> INFORMATION
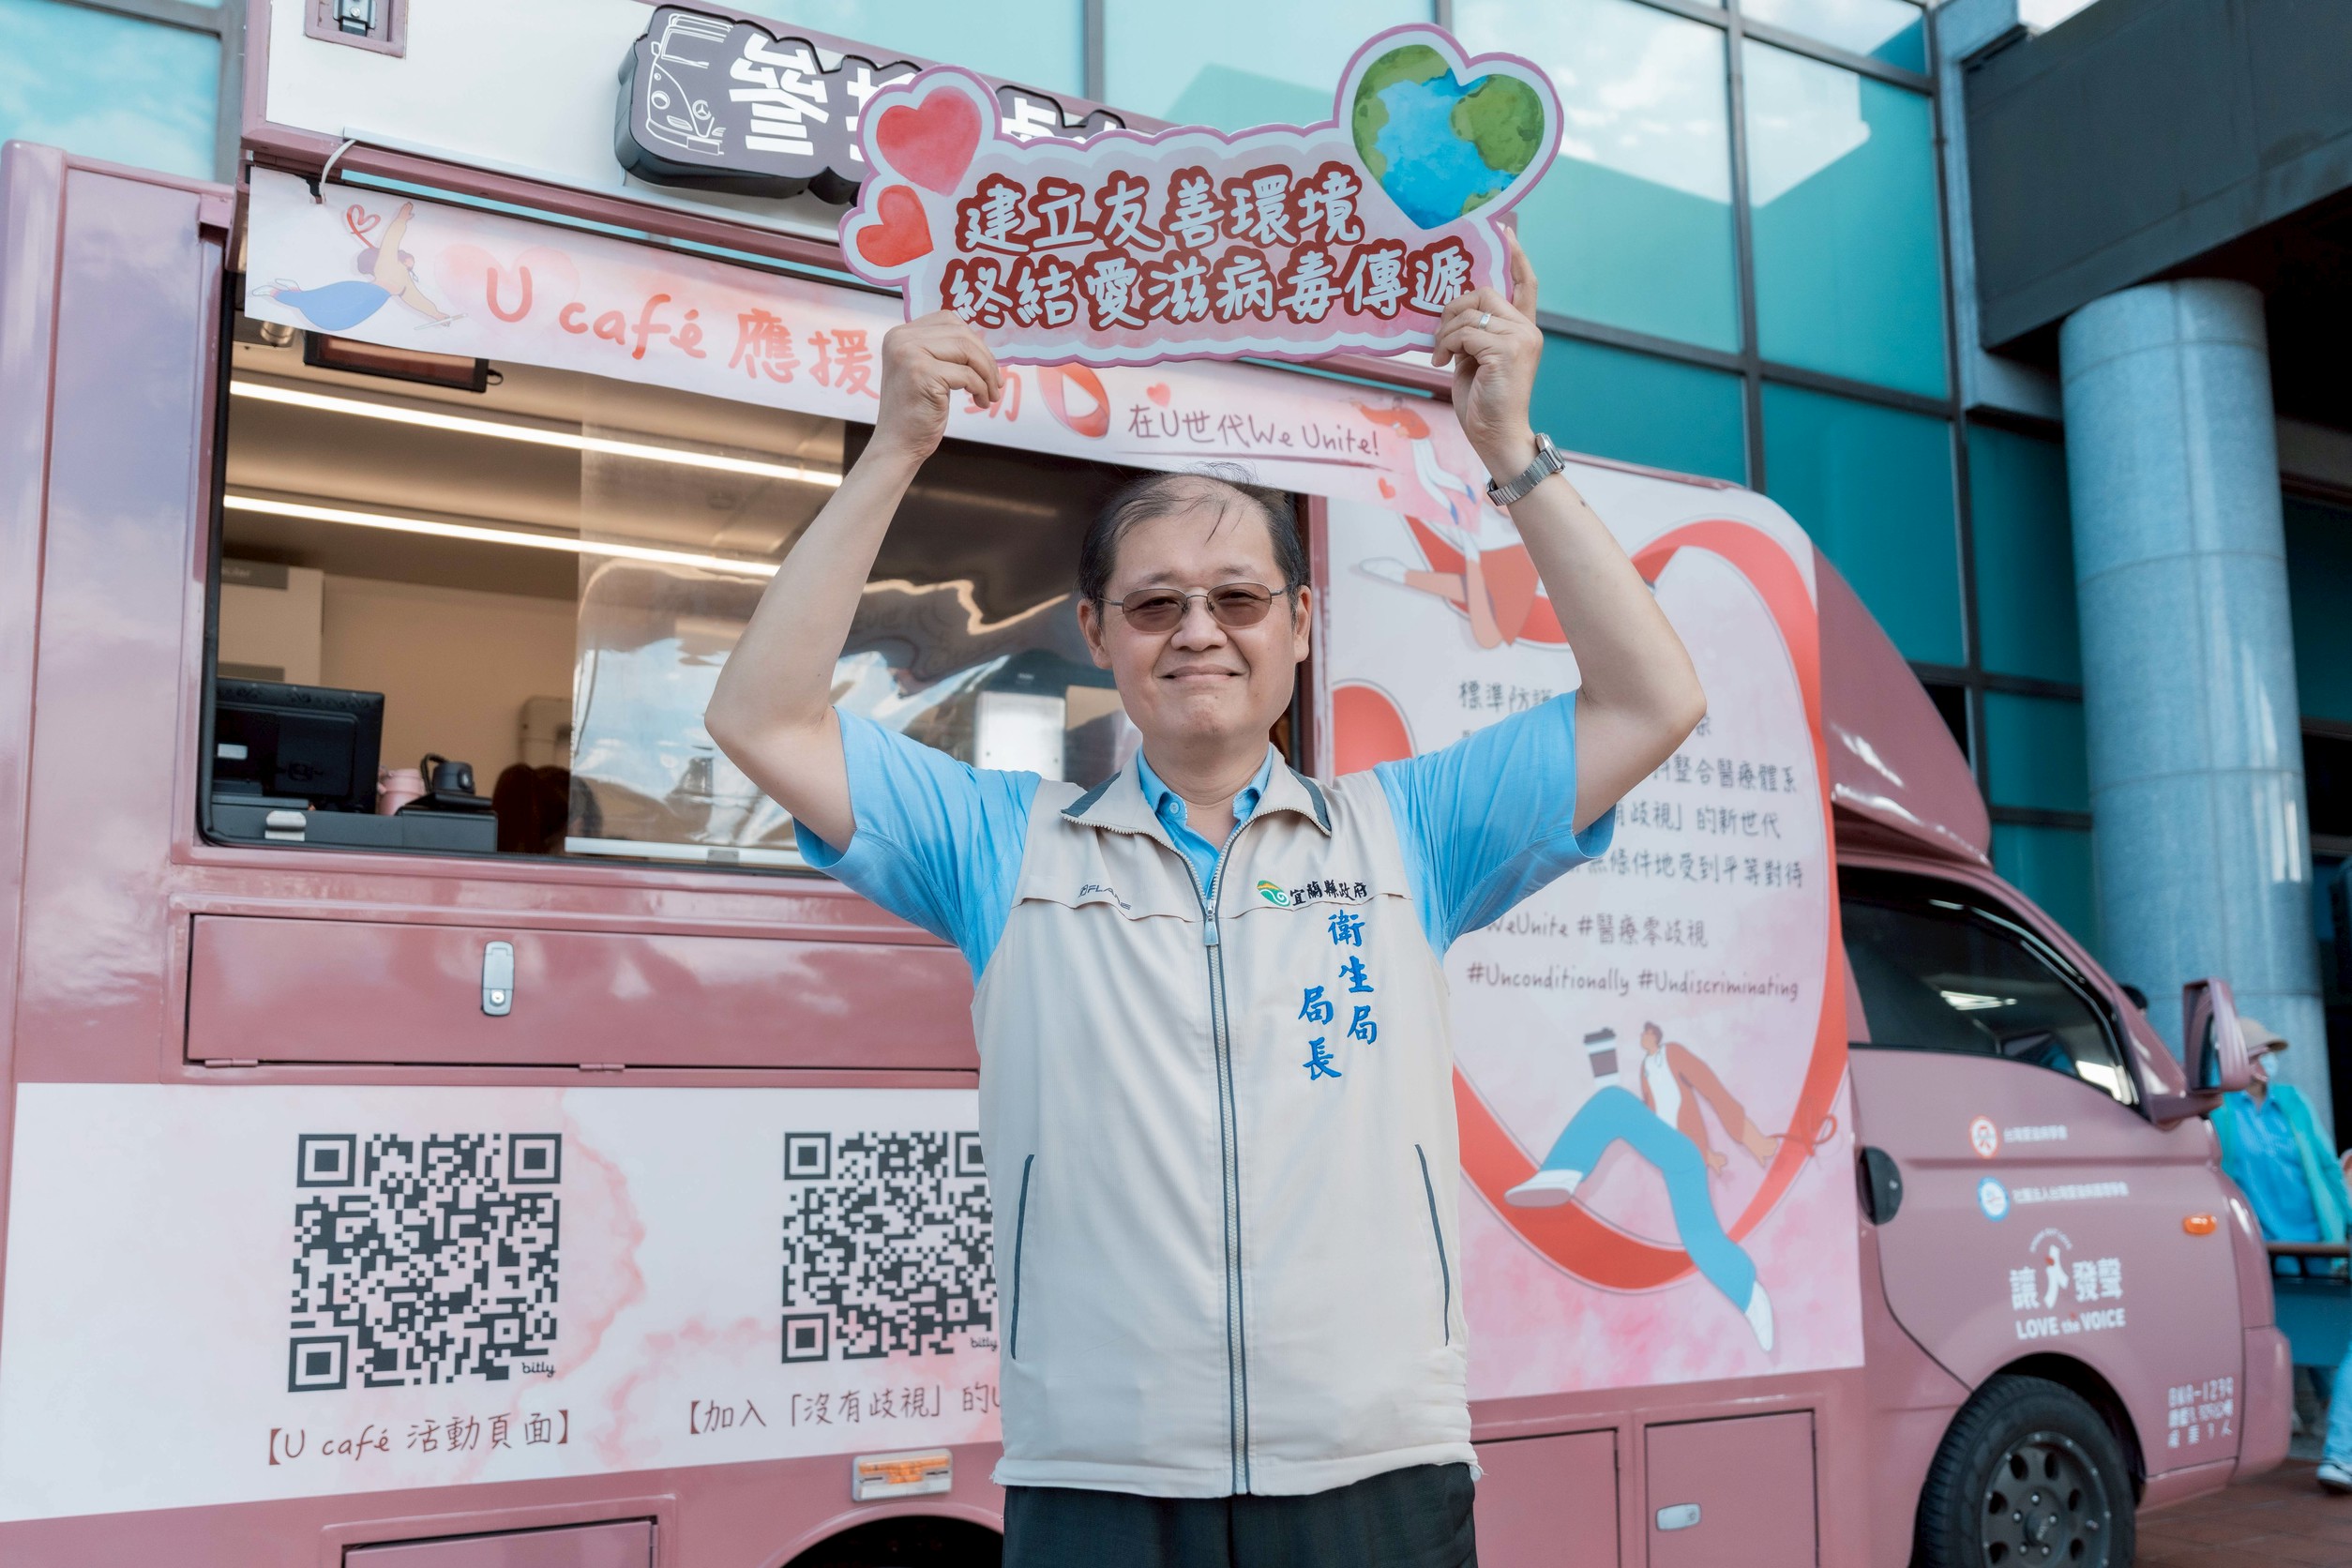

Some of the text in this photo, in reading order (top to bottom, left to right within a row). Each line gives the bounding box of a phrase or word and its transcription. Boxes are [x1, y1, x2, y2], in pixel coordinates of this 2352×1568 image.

[962, 169, 1365, 254] 建立友善環境
[947, 243, 1472, 328] 終結愛滋病毒傳遞
[486, 266, 533, 324] U
[559, 293, 709, 361] café
[1302, 423, 1380, 458] Unite!
[1289, 880, 1369, 907] 宜蘭縣政府
[1576, 912, 1710, 948] #醫療零歧視
[1326, 909, 1379, 1046] 衛生局
[1467, 961, 1800, 1002] #Unconditionally #Undiscriminating
[1298, 985, 1343, 1081] 局長
[2015, 1316, 2060, 1340] LOVE
[2080, 1307, 2127, 1331] VOICE
[970, 1335, 999, 1351] bitly
[521, 1361, 556, 1379] bitly
[322, 1424, 390, 1462] café

> ABOUT THIS TASK
An exact copy of the records is required. Pictures do not belong in it.

> RESULT FOR THIS TASK
Some of the text in this photo, in reading order (top to bottom, left to right within a row). Each line gives the bounding box of a phrase or word and its transcription. Boxes are [x1, y1, x2, y2], in pixel coordinates of this 2352×1568 image.

[962, 169, 1365, 254] 建立友善環境
[947, 243, 1472, 328] 終結愛滋病毒傳遞
[486, 266, 533, 324] U
[559, 293, 709, 361] café
[1302, 423, 1380, 458] Unite!
[1289, 880, 1369, 907] 宜蘭縣政府
[1576, 912, 1710, 948] #醫療零歧視
[1326, 909, 1379, 1046] 衛生局
[1467, 961, 1800, 1002] #Unconditionally #Undiscriminating
[1298, 985, 1343, 1081] 局長
[2015, 1316, 2060, 1340] LOVE
[2080, 1307, 2127, 1331] VOICE
[970, 1335, 999, 1351] bitly
[521, 1361, 556, 1379] bitly
[322, 1424, 390, 1462] café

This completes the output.